Today “March Madness” — the NCAA postseason basketball tournament — begins. (No, let’s not pretend those play-in games count.) Sixty-four teams will compete, but despite a 25-5 record and a spot in the AP’s ranking of the top 25 teams in the country, the SMU Mustangs can’t participate. They were banned for academic fraud. And it looks like deservedly so.

FiveThirtyEight determined the best teams to be prohibited from participating in the tournament since the field expanded to 64 schools in 1985. By their math, SMU is tied with Louisville (also banned this year, though their punishment was self-imposed) as the second-best ineligible team during that period. They trail only 1992 UNLV:

Rick Pitino and Larry Brown can punch weight with the towel-chomping Jerry Tarkanian, but in terms of record, efficiency and roster, the ’92 Rebels were probably the best of the three.

Still, it’s a relatively close contest. And let’s emphasize again that two of the top three banned squads in recent memory both hail from the 2015-16 season. In what seems destined to be a wide-open NCAA field this year, the Mustangs and Cardinals could have seized upon that opportunity and produced deep tournament runs.

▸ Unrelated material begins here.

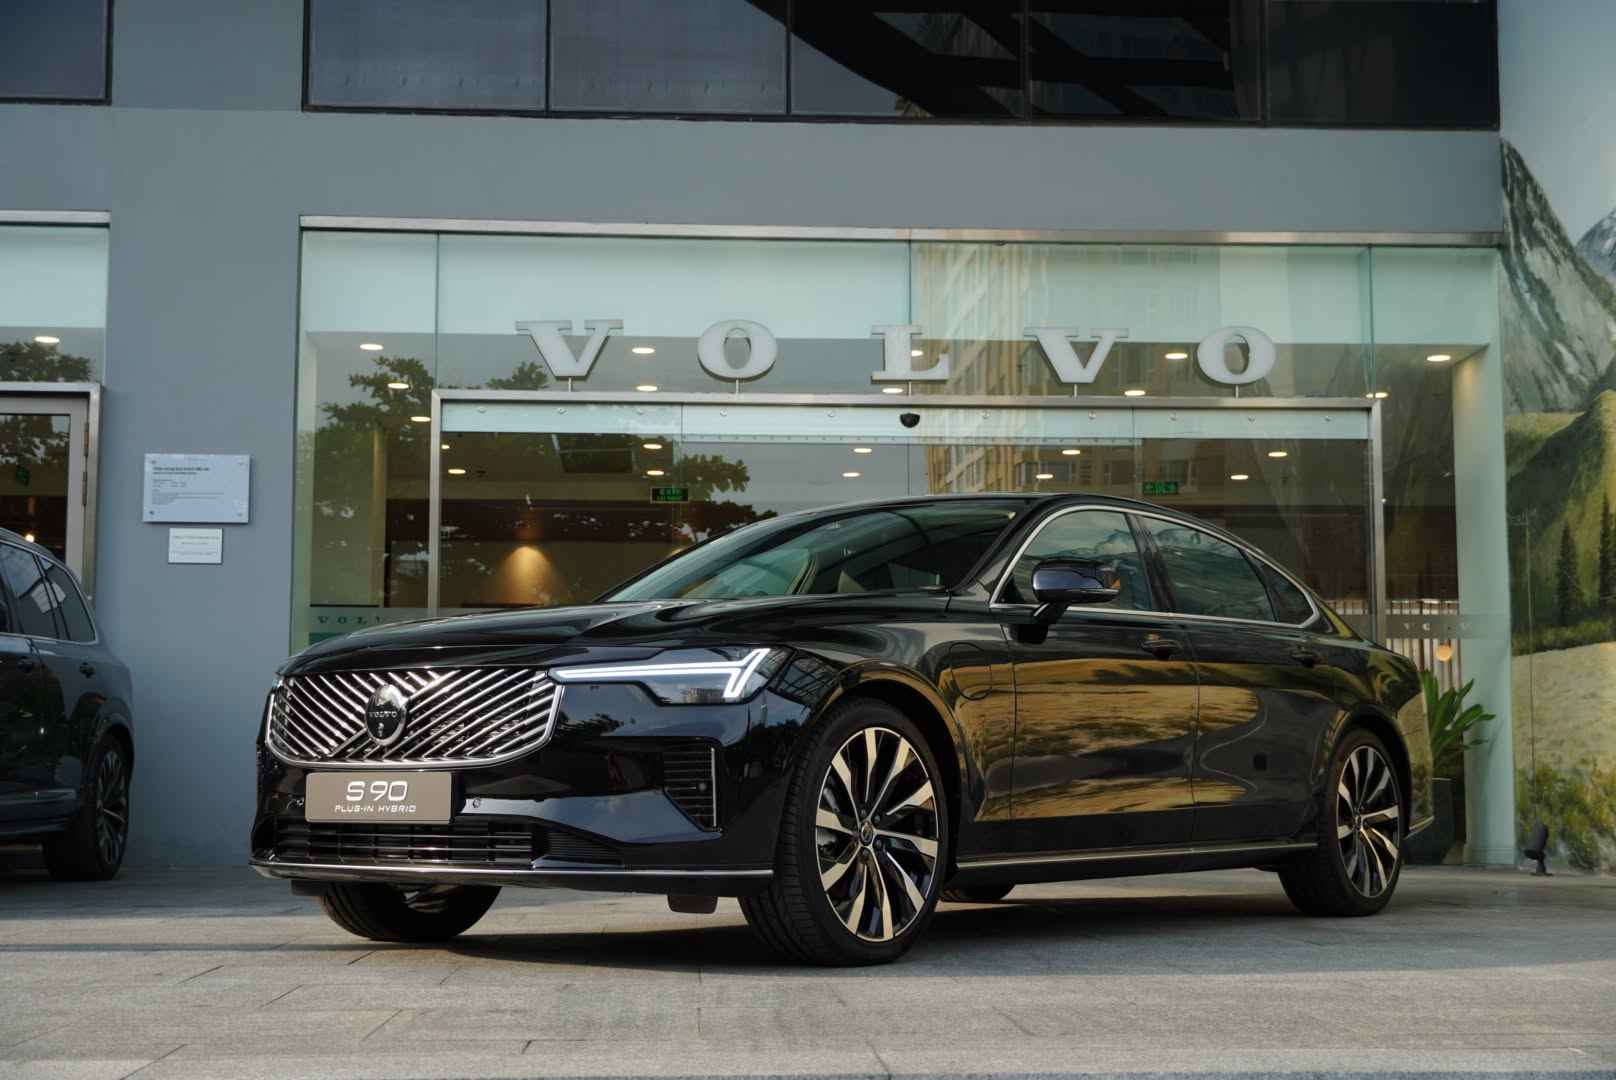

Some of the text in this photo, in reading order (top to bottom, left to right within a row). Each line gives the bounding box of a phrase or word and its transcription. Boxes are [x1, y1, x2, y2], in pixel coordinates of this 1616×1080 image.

[515, 318, 1277, 385] VOLVO
[346, 780, 408, 801] S90
[334, 804, 417, 813] PLUG-IN HYBRID

But by running afoul of the NCAA, they’re here instead, hypothetically runnin’ with the ’92 Rebels rather than taking the court against present-day teams in the real-life tourney.

Does knowing that makes the situation better or worse, Pony fans? How far do you reckon they could have gotten?

Meanwhile SMU grad Billy Nayden writes on a college sports website that I confess I’d never heard of until today, about the impact that departing seniors Nic Moore and Markus Kennedy had in raising the profile of Mustangs basketball:

While the impact on the court was massive, the impact off it was even bigger. Moore and Kennedy became true celebrities on campus, welcomed with open arms by nearly every student, alumnus and fan en route to becoming perhaps the two most visible athletes at SMU since the days of Craig James and Eric Dickerson.

No amount of NCAA bureaucracy can take away the special bond that the SMU community has with these two players.

However, perhaps the most telling saga of Moore and Kennedy is how they stuck through this season. Knowing they had no postseason to play for, neither player attempted to transfer. Instead they stayed loyal to their teammates, coach Larry Brown, and the SMU program. They fought each and every game, securing victories at all costs, despite the fact that the media narrative surrounding them highlighted how little they had to play for.

Shucks, now I feel bad for SMU again. The players, at least.